Repeat all of the data word for word so that only the pictures are missing from the copy.

EXTRACTED DATA>
=== Begin Enclosure ===

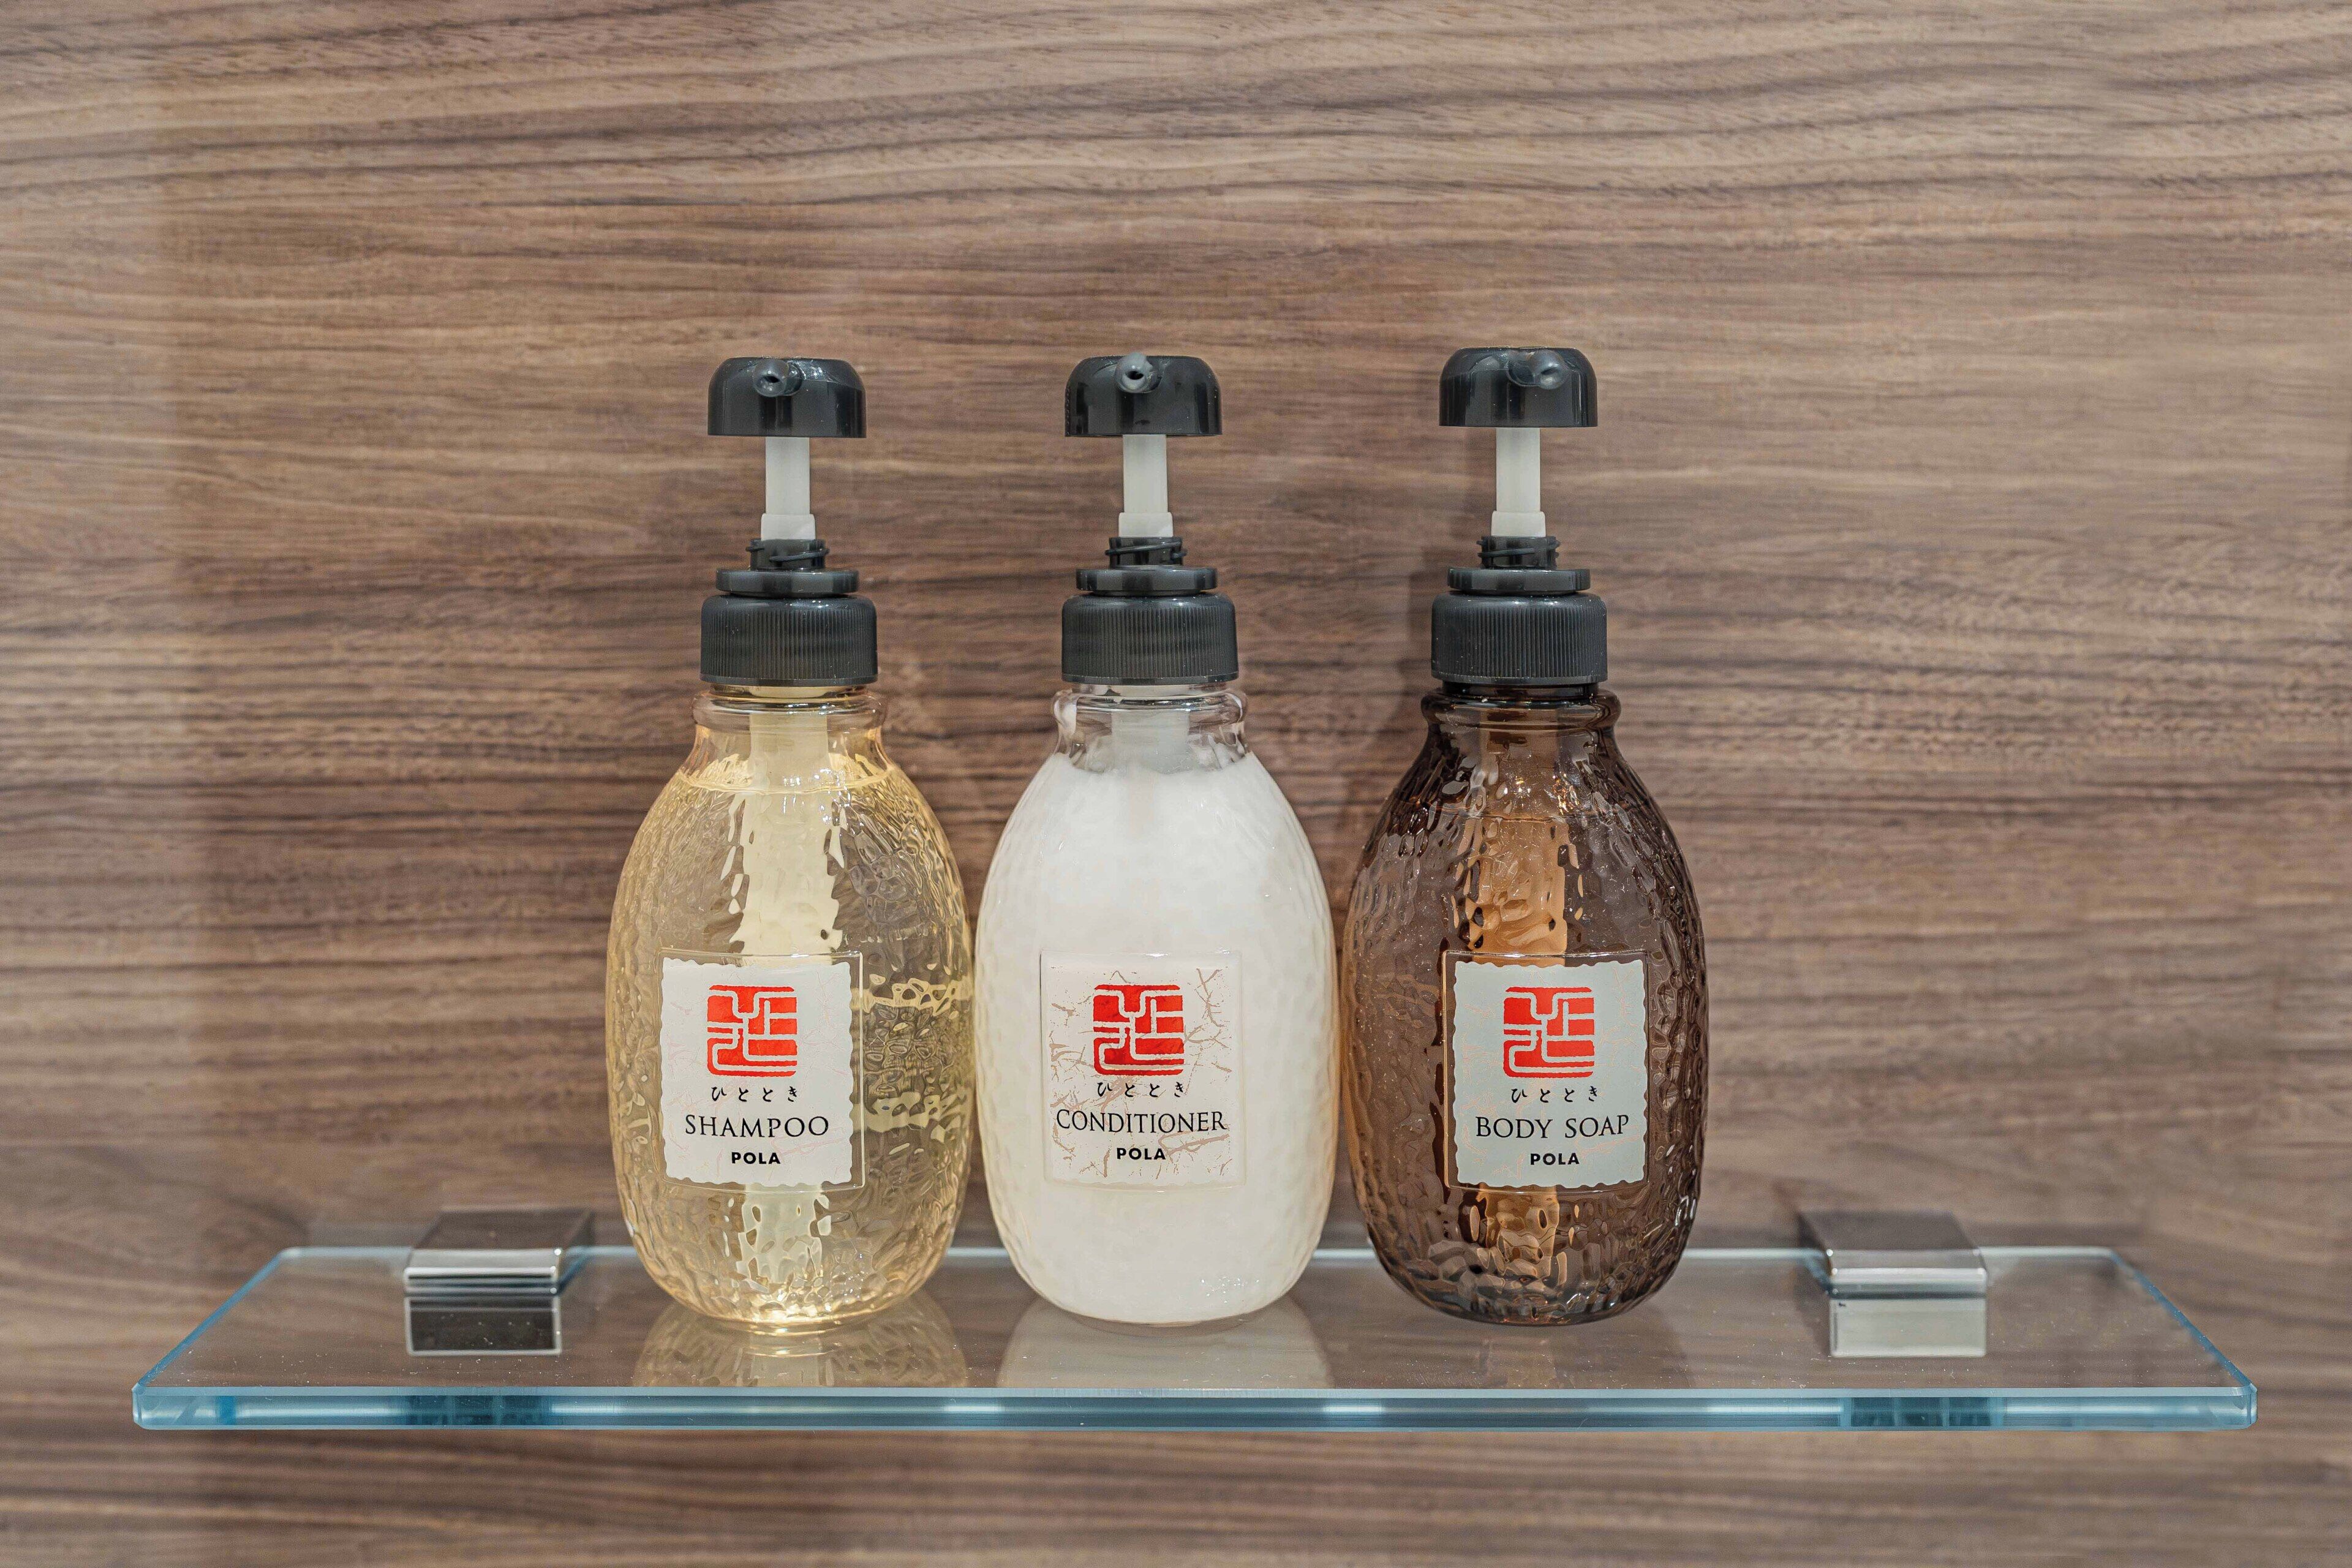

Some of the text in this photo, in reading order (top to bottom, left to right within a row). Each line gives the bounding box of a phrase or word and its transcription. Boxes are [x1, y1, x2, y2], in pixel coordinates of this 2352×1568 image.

[711, 1086, 797, 1102] ひととき
[1097, 1082, 1183, 1098] ひととき
[1511, 1085, 1597, 1104] ひととき
[685, 1114, 829, 1138] SHAMPOO
[1056, 1109, 1227, 1133] CONDITIONER
[1475, 1114, 1629, 1139] BODY SOAP
[731, 1152, 781, 1164] POLA
[1117, 1147, 1166, 1160] POLA
[1530, 1152, 1580, 1166] POLA

=== End Enclosure ===

RESULT OF THIS EXERCISE>
Some of the text in this photo, in reading order (top to bottom, left to right within a row). Each line gives the bounding box of a phrase or word and its transcription. Boxes are [x1, y1, x2, y2], in pixel coordinates of this 2352×1568 image.

[711, 1086, 797, 1102] ひととき
[1097, 1082, 1183, 1098] ひととき
[1511, 1085, 1597, 1104] ひととき
[685, 1114, 829, 1138] SHAMPOO
[1056, 1109, 1227, 1133] CONDITIONER
[1475, 1114, 1629, 1139] BODY SOAP
[731, 1152, 781, 1164] POLA
[1117, 1147, 1166, 1160] POLA
[1530, 1152, 1580, 1166] POLA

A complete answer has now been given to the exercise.